What you will do: Any picture must be dropped, but each line of the data should be duplicated exactly.

─── Source material

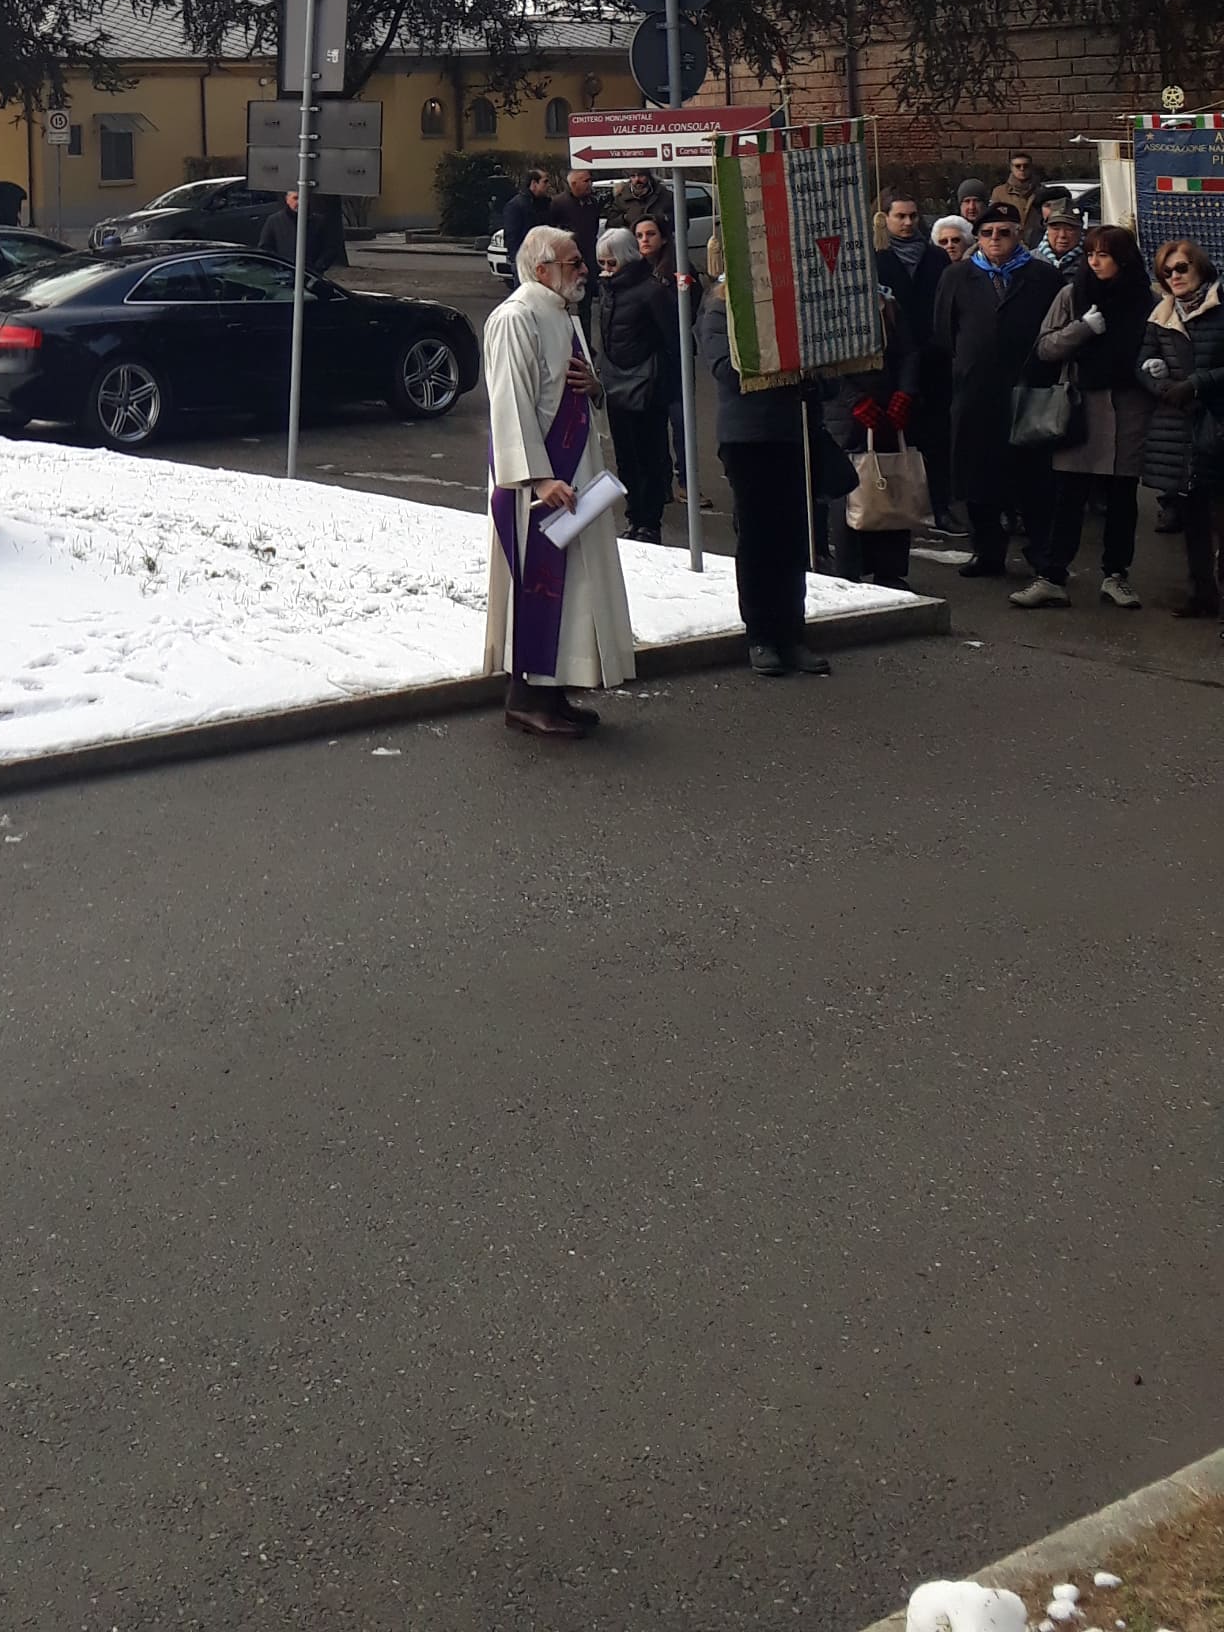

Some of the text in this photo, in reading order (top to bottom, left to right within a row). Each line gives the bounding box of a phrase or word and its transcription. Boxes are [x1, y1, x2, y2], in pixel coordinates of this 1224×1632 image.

[572, 113, 653, 124] CIMITERO MONUMENTALE
[612, 121, 721, 134] VIALE DELLA CONSOLATA
[679, 147, 697, 155] Corso
[1144, 143, 1207, 153] ASSOCIAZIONE
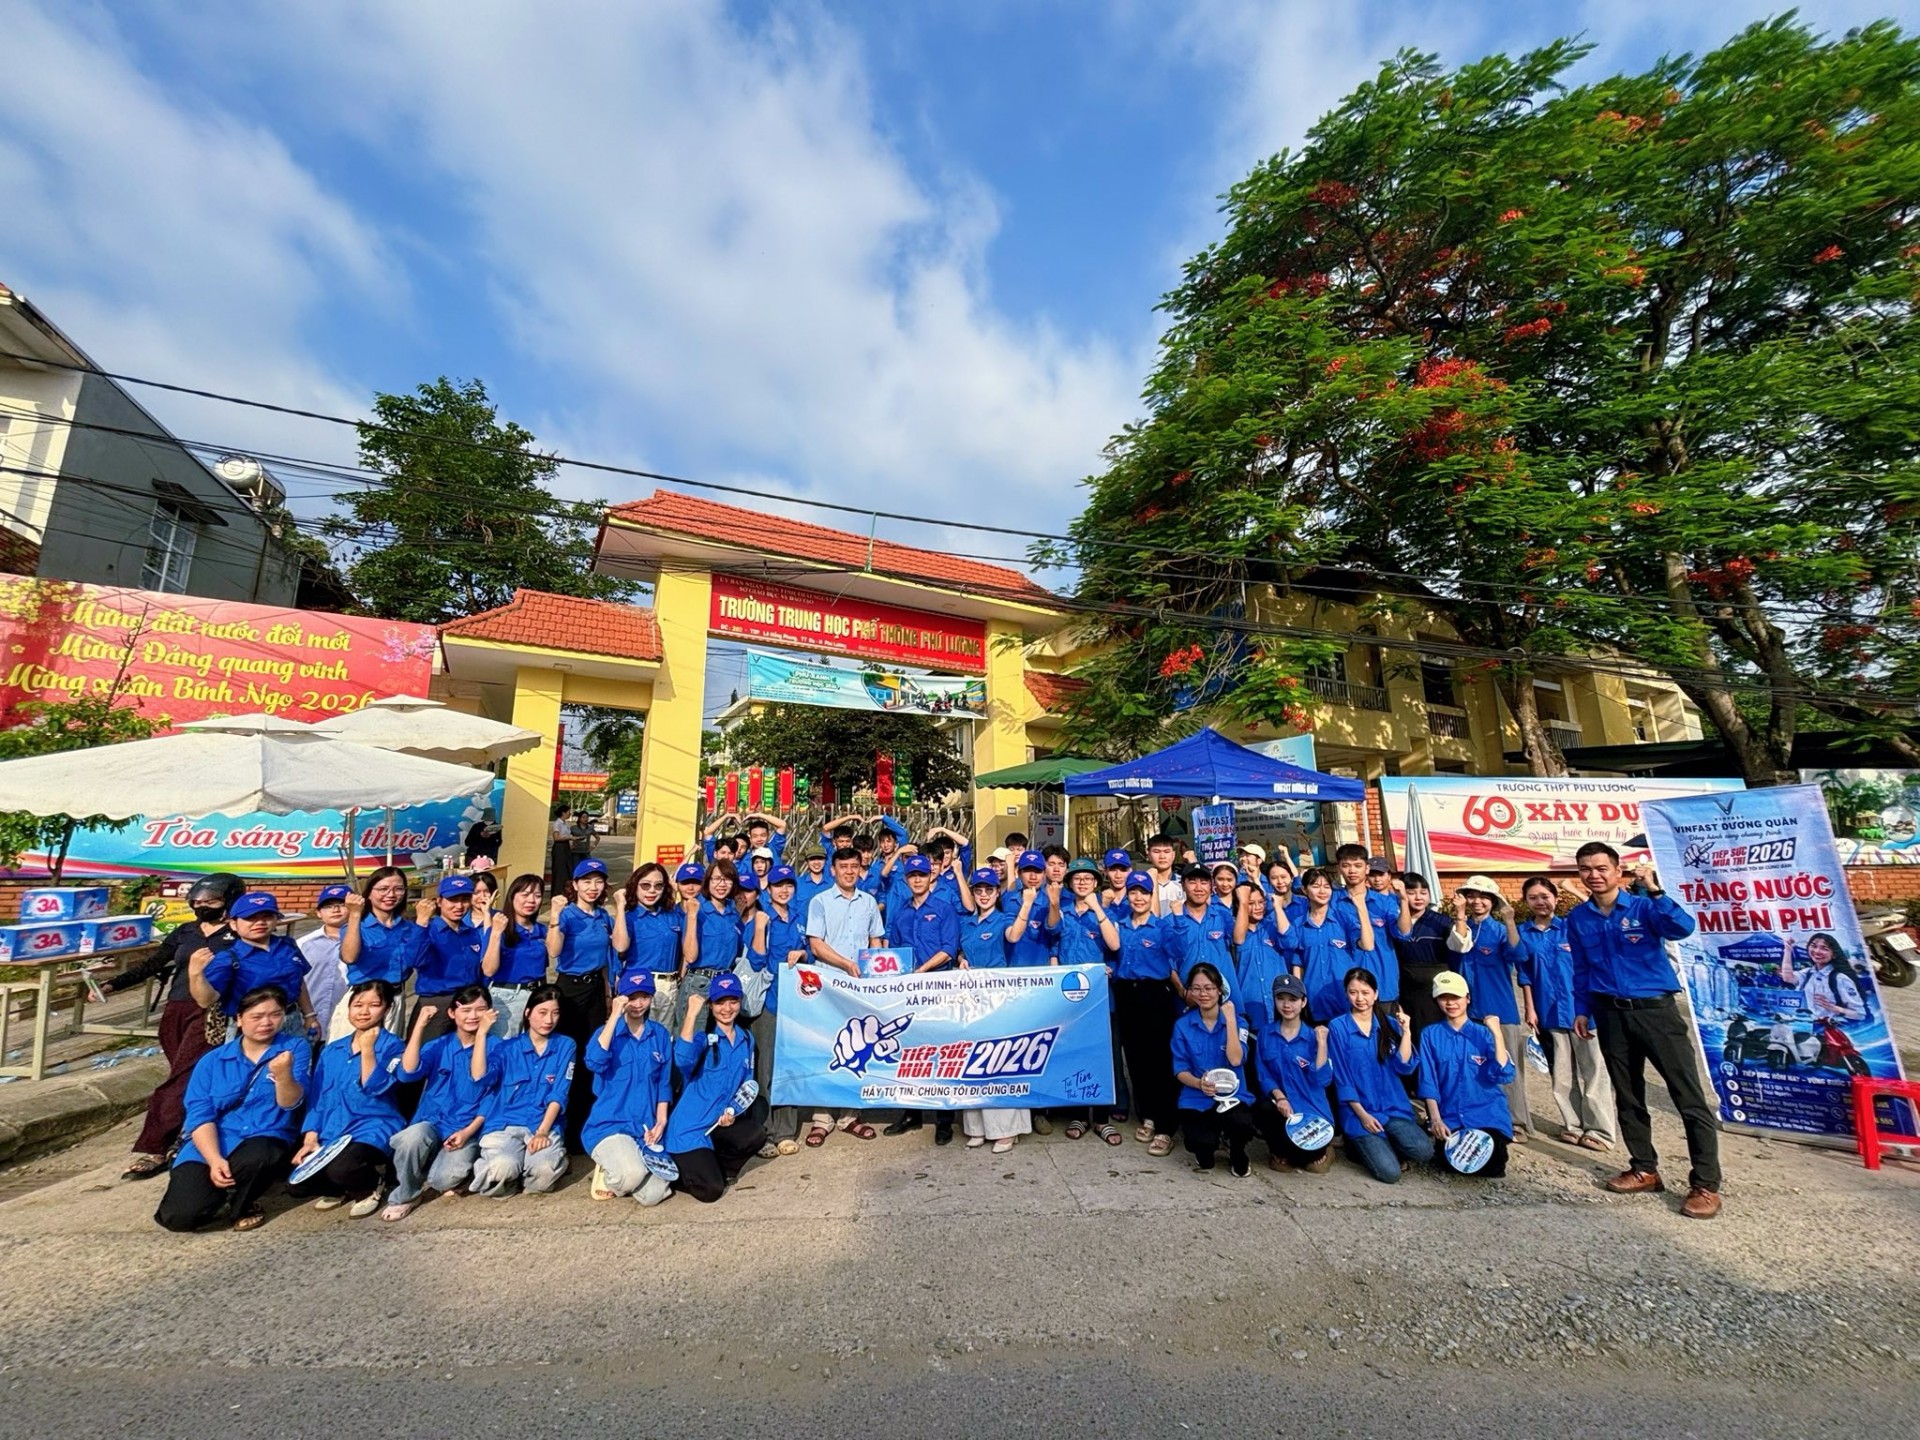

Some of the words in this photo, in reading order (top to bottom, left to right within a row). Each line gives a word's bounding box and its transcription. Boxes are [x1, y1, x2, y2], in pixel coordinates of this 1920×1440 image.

[61, 601, 142, 643] Mừng
[151, 607, 199, 635] đất
[200, 620, 261, 643] nước
[265, 622, 305, 647] đổi
[307, 630, 352, 652] mới
[719, 595, 775, 624] TRƯỜNG
[777, 605, 821, 632] TRUNG
[824, 614, 849, 638] HỌC
[920, 630, 943, 652] PHÚ
[48, 633, 135, 669] Mừng
[142, 640, 214, 677] Đảng
[217, 654, 295, 684] quang
[299, 660, 351, 681] vinh
[0, 663, 87, 699] Mừng
[173, 675, 234, 704] Bính
[238, 682, 294, 715] Ngọ
[300, 690, 377, 714] 2026
[1546, 783, 1572, 792] THPT
[1199, 816, 1229, 826] VINFAST
[1462, 795, 1517, 836] 60
[1524, 799, 1589, 822] XÂY
[1598, 803, 1640, 825] DỰ
[1674, 822, 1718, 834] VINFAST
[1721, 819, 1762, 831] DƯƠNG
[1765, 816, 1798, 828] QUÂN
[143, 817, 217, 849] Tỏa
[224, 826, 305, 858] sáng
[1750, 840, 1794, 863] 2026
[1679, 878, 1748, 908] TẶNG
[1754, 871, 1833, 901] NƯỚC
[36, 898, 60, 913] 3A
[146, 902, 168, 920] C2
[1697, 901, 1773, 933] MIỄN
[1778, 902, 1833, 931] PHÍ
[33, 932, 63, 950] 3A
[112, 926, 139, 942] 3A
[873, 956, 898, 973] 3A
[832, 979, 861, 993] ĐOÀN
[862, 983, 887, 994] TNCS
[907, 980, 923, 992] CHÍ
[925, 980, 952, 990] MINH
[959, 979, 977, 992] HỘI
[1006, 976, 1029, 990] VIỆT
[1030, 977, 1054, 986] NAM
[906, 994, 919, 1006] XÃ
[921, 993, 942, 1005] PHÚ
[902, 1044, 938, 1062] TIẾP
[939, 1040, 974, 1061] SỨC
[965, 1032, 1053, 1076] 2026
[897, 1061, 933, 1078] MÙA
[936, 1060, 965, 1078] THI
[861, 1085, 882, 1098] HÃY
[883, 1086, 897, 1098] TỰ
[917, 1085, 951, 1097] CHÚNG
[952, 1085, 968, 1096] TÔI
[969, 1085, 980, 1096] ĐI
[981, 1084, 1009, 1096] CÙNG
[1010, 1084, 1030, 1097] BẠN
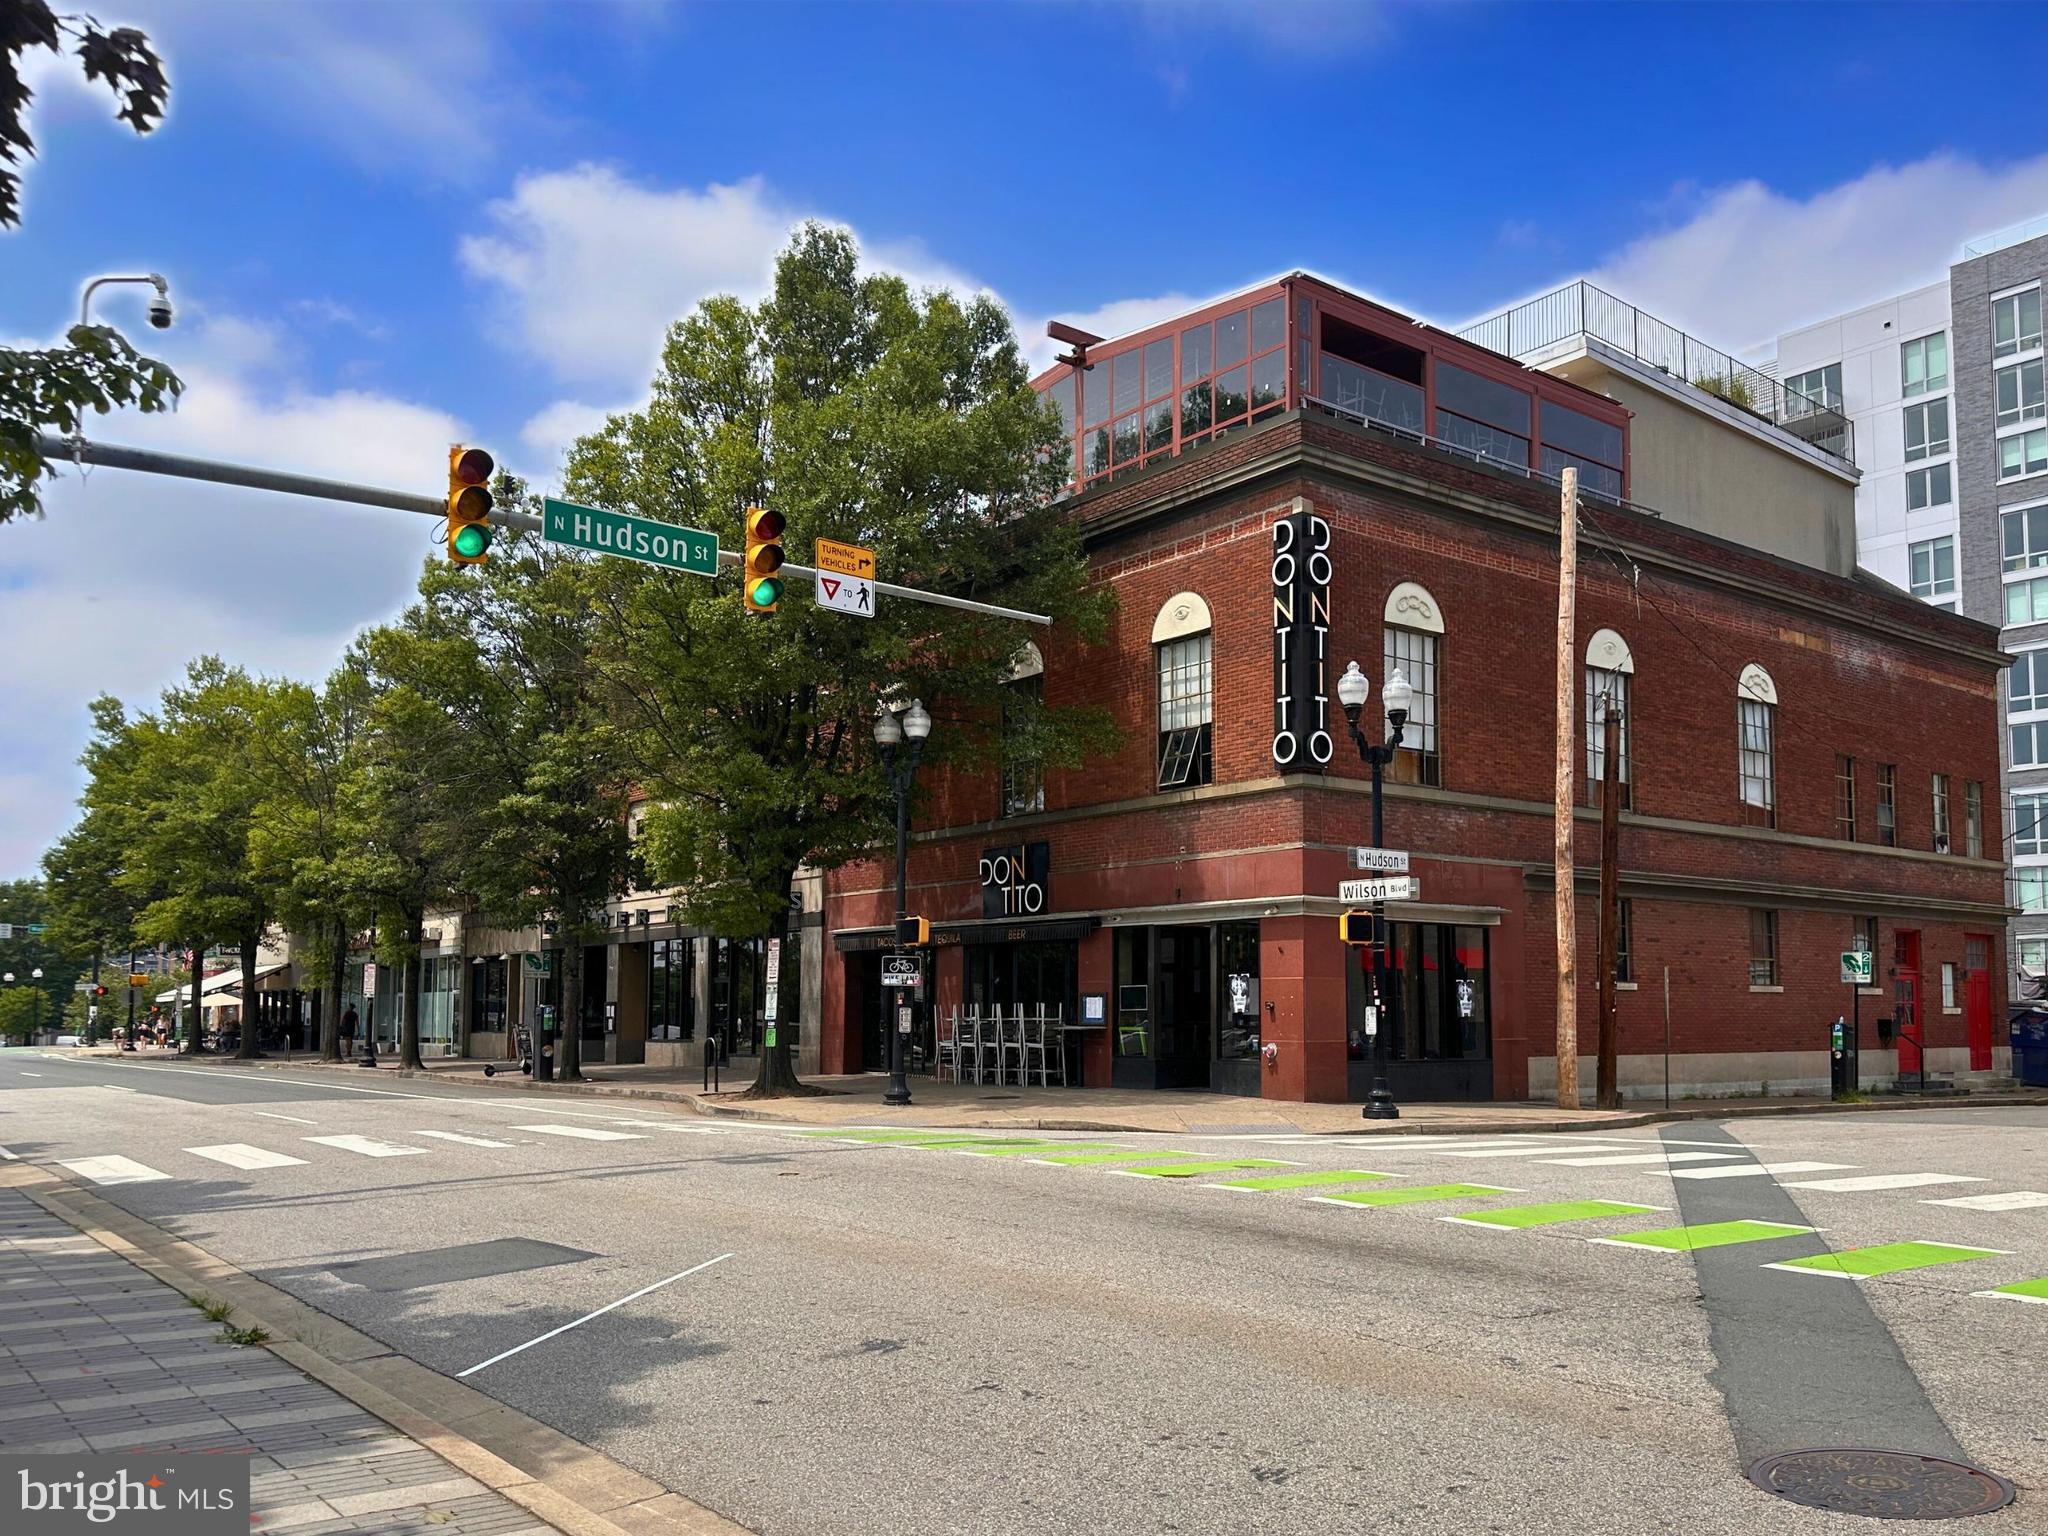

──────

Solution to this problem:
Some of the text in this photo, in reading order (top to bottom, left to right within a row). Each line gives the bounding box of a phrase or word and its transcription. Boxes are [x1, y1, x2, y2], in pixel coordinates of this 1224×1632 image.

[572, 113, 653, 124] CIMITERO MONUMENTALE
[612, 121, 721, 134] VIALE DELLA CONSOLATA
[679, 147, 697, 155] Corso
[1144, 143, 1207, 153] ASSOCIAZIONE

Some of the words in this photo, in reading order (top to bottom, left to right within a row). Each line gives a word's bounding box and its transcription. Boxes are [x1, y1, x2, y2], in pixel coordinates of this 1920×1440 image.

[61, 601, 142, 643] Mừng
[151, 607, 199, 635] đất
[200, 620, 261, 643] nước
[265, 622, 305, 647] đổi
[307, 630, 352, 652] mới
[719, 595, 775, 624] TRƯỜNG
[777, 605, 821, 632] TRUNG
[824, 614, 849, 638] HỌC
[920, 630, 943, 652] PHÚ
[48, 633, 135, 669] Mừng
[142, 640, 214, 677] Đảng
[217, 654, 295, 684] quang
[299, 660, 351, 681] vinh
[0, 663, 87, 699] Mừng
[173, 675, 234, 704] Bính
[238, 682, 294, 715] Ngọ
[300, 690, 377, 714] 2026
[1546, 783, 1572, 792] THPT
[1199, 816, 1229, 826] VINFAST
[1462, 795, 1517, 836] 60
[1524, 799, 1589, 822] XÂY
[1598, 803, 1640, 825] DỰ
[1674, 822, 1718, 834] VINFAST
[1721, 819, 1762, 831] DƯƠNG
[1765, 816, 1798, 828] QUÂN
[143, 817, 217, 849] Tỏa
[224, 826, 305, 858] sáng
[1750, 840, 1794, 863] 2026
[1679, 878, 1748, 908] TẶNG
[1754, 871, 1833, 901] NƯỚC
[36, 898, 60, 913] 3A
[146, 902, 168, 920] C2
[1697, 901, 1773, 933] MIỄN
[1778, 902, 1833, 931] PHÍ
[33, 932, 63, 950] 3A
[112, 926, 139, 942] 3A
[873, 956, 898, 973] 3A
[832, 979, 861, 993] ĐOÀN
[862, 983, 887, 994] TNCS
[907, 980, 923, 992] CHÍ
[925, 980, 952, 990] MINH
[959, 979, 977, 992] HỘI
[1006, 976, 1029, 990] VIỆT
[1030, 977, 1054, 986] NAM
[906, 994, 919, 1006] XÃ
[921, 993, 942, 1005] PHÚ
[902, 1044, 938, 1062] TIẾP
[939, 1040, 974, 1061] SỨC
[965, 1032, 1053, 1076] 2026
[897, 1061, 933, 1078] MÙA
[936, 1060, 965, 1078] THI
[861, 1085, 882, 1098] HÃY
[883, 1086, 897, 1098] TỰ
[917, 1085, 951, 1097] CHÚNG
[952, 1085, 968, 1096] TÔI
[969, 1085, 980, 1096] ĐI
[981, 1084, 1009, 1096] CÙNG
[1010, 1084, 1030, 1097] BẠN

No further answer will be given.